■ **EXERCISE GOAL**
Where the records hold the string "Grimbergen", show the whole line it sits on.

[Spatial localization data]

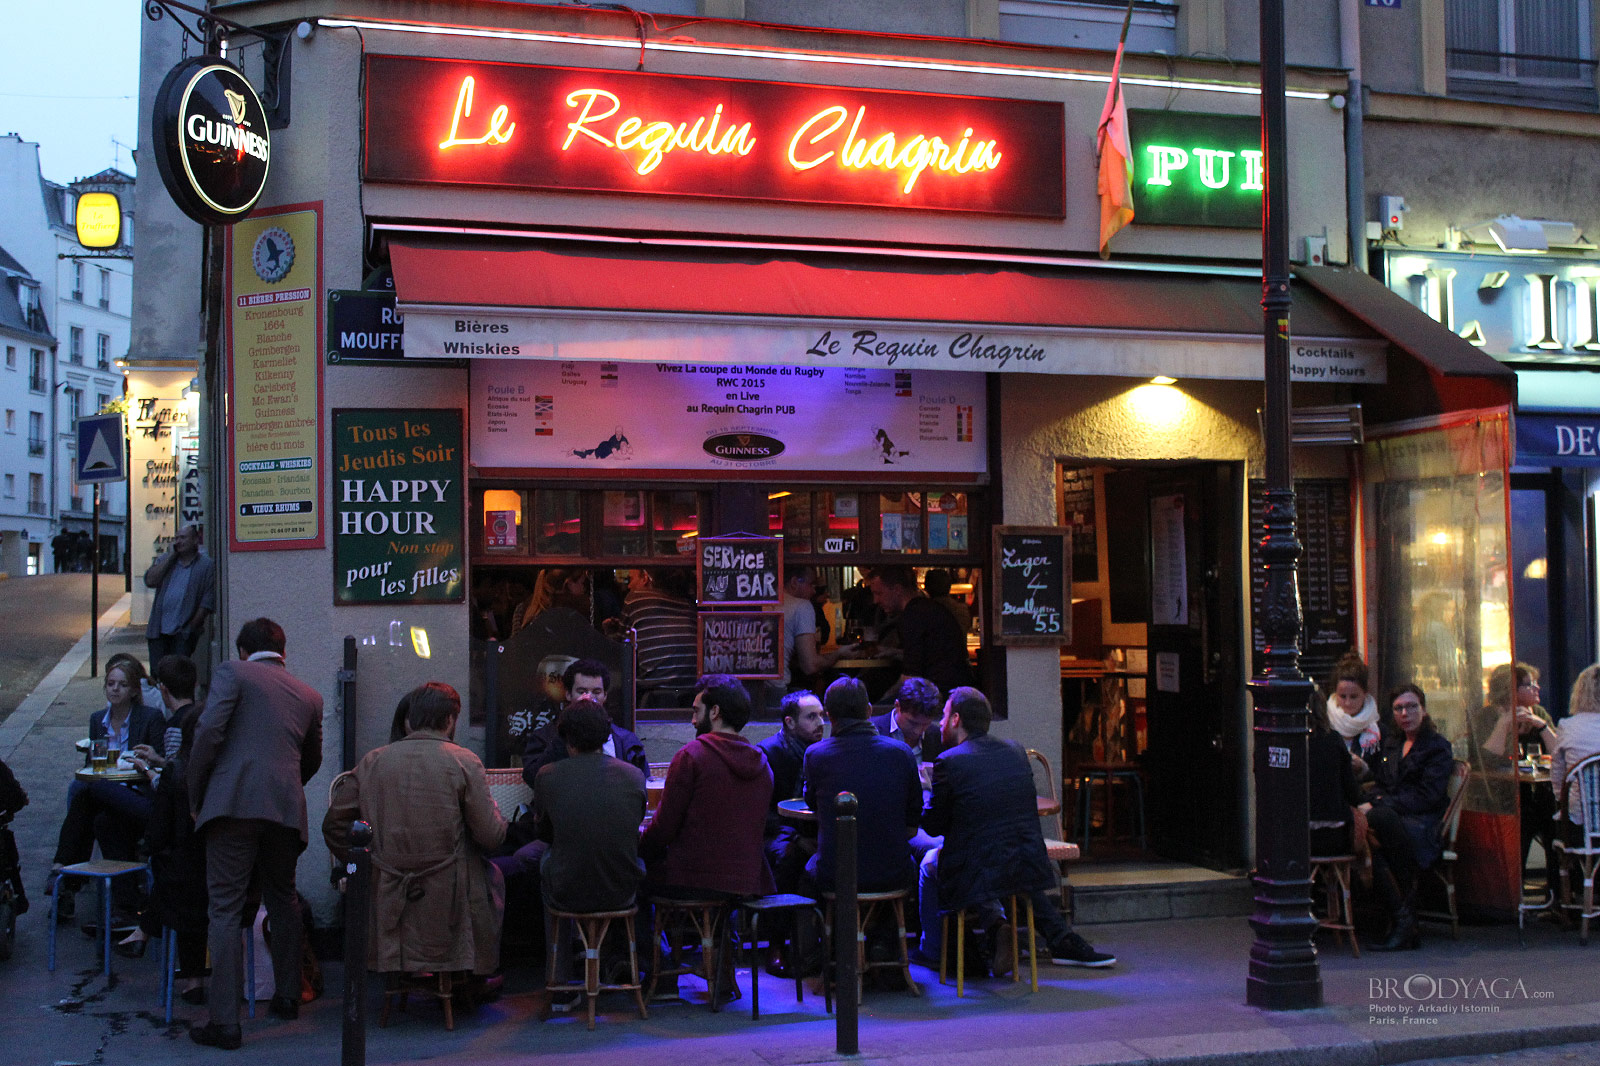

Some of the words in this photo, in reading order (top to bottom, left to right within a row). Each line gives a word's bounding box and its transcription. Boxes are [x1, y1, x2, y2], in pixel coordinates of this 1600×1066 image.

[187, 114, 268, 162] GUINNESS
[439, 75, 516, 150] Le
[561, 88, 756, 175] Requin
[788, 105, 1002, 195] Chagrin
[239, 298, 246, 306] 11
[275, 289, 310, 302] PRESSION
[245, 306, 304, 320] Kronenbourg
[263, 320, 285, 331] 1664
[454, 319, 509, 334] Bières
[257, 332, 292, 343] Blanche
[340, 331, 404, 350] MOUFF
[248, 344, 300, 357] Grimbergen
[443, 341, 520, 355] Whiskies
[806, 330, 841, 357] Le
[852, 330, 940, 365] Requin
[948, 332, 1046, 369] Chagrin
[1296, 346, 1354, 359] Cocktails
[253, 357, 297, 369] Karmeliet
[255, 370, 295, 381] Kilkenny
[656, 363, 683, 373] Vivez
[685, 364, 697, 373] La
[699, 365, 728, 376] coupe
[730, 365, 743, 374] du
[745, 365, 778, 375] Monde
[779, 366, 792, 375] du
[794, 367, 825, 378] Rugby
[1330, 365, 1366, 376] Hours
[254, 381, 297, 393] Carlsberg
[487, 385, 515, 394] Poule
[561, 379, 588, 387] Uruguay
[716, 378, 739, 387] RWC
[741, 378, 766, 388] 2015
[725, 392, 738, 400] en
[740, 391, 760, 401] Live
[919, 395, 947, 404] Poule
[255, 407, 296, 418] Guinness
[686, 405, 699, 413] au
[701, 404, 735, 415] Requin
[737, 404, 773, 416] Chagrin
[775, 405, 796, 414] PUB
[236, 420, 283, 432] Grimbergen
[347, 424, 398, 444] Tous
[403, 421, 431, 438] les
[246, 442, 269, 453] bière
[270, 441, 282, 450] du
[284, 440, 305, 450] mois
[1555, 424, 1600, 456] DE
[715, 445, 771, 455] GUINNESS
[339, 449, 406, 472] Jeudis
[412, 444, 455, 464] Soir
[240, 461, 275, 471] COCKTAILS
[279, 459, 312, 469] WHISKIES
[241, 488, 274, 498] Canadien
[280, 487, 311, 496] Bourbon
[340, 479, 451, 503] HAPPY
[252, 504, 274, 514] VIEUX
[275, 502, 300, 512] RHUMS
[339, 511, 437, 535] HOUR
[387, 541, 419, 554] Non
[424, 542, 454, 557] stop
[1001, 547, 1052, 577] Lager
[346, 561, 392, 588] pour
[380, 577, 406, 597] les
[410, 566, 458, 595] filles
[736, 572, 777, 598] BAR
[1027, 573, 1047, 598] 4

■ **RESULT FOR THIS EXERCISE**
[248, 344, 300, 357] Grimbergen
[236, 420, 283, 432] Grimbergen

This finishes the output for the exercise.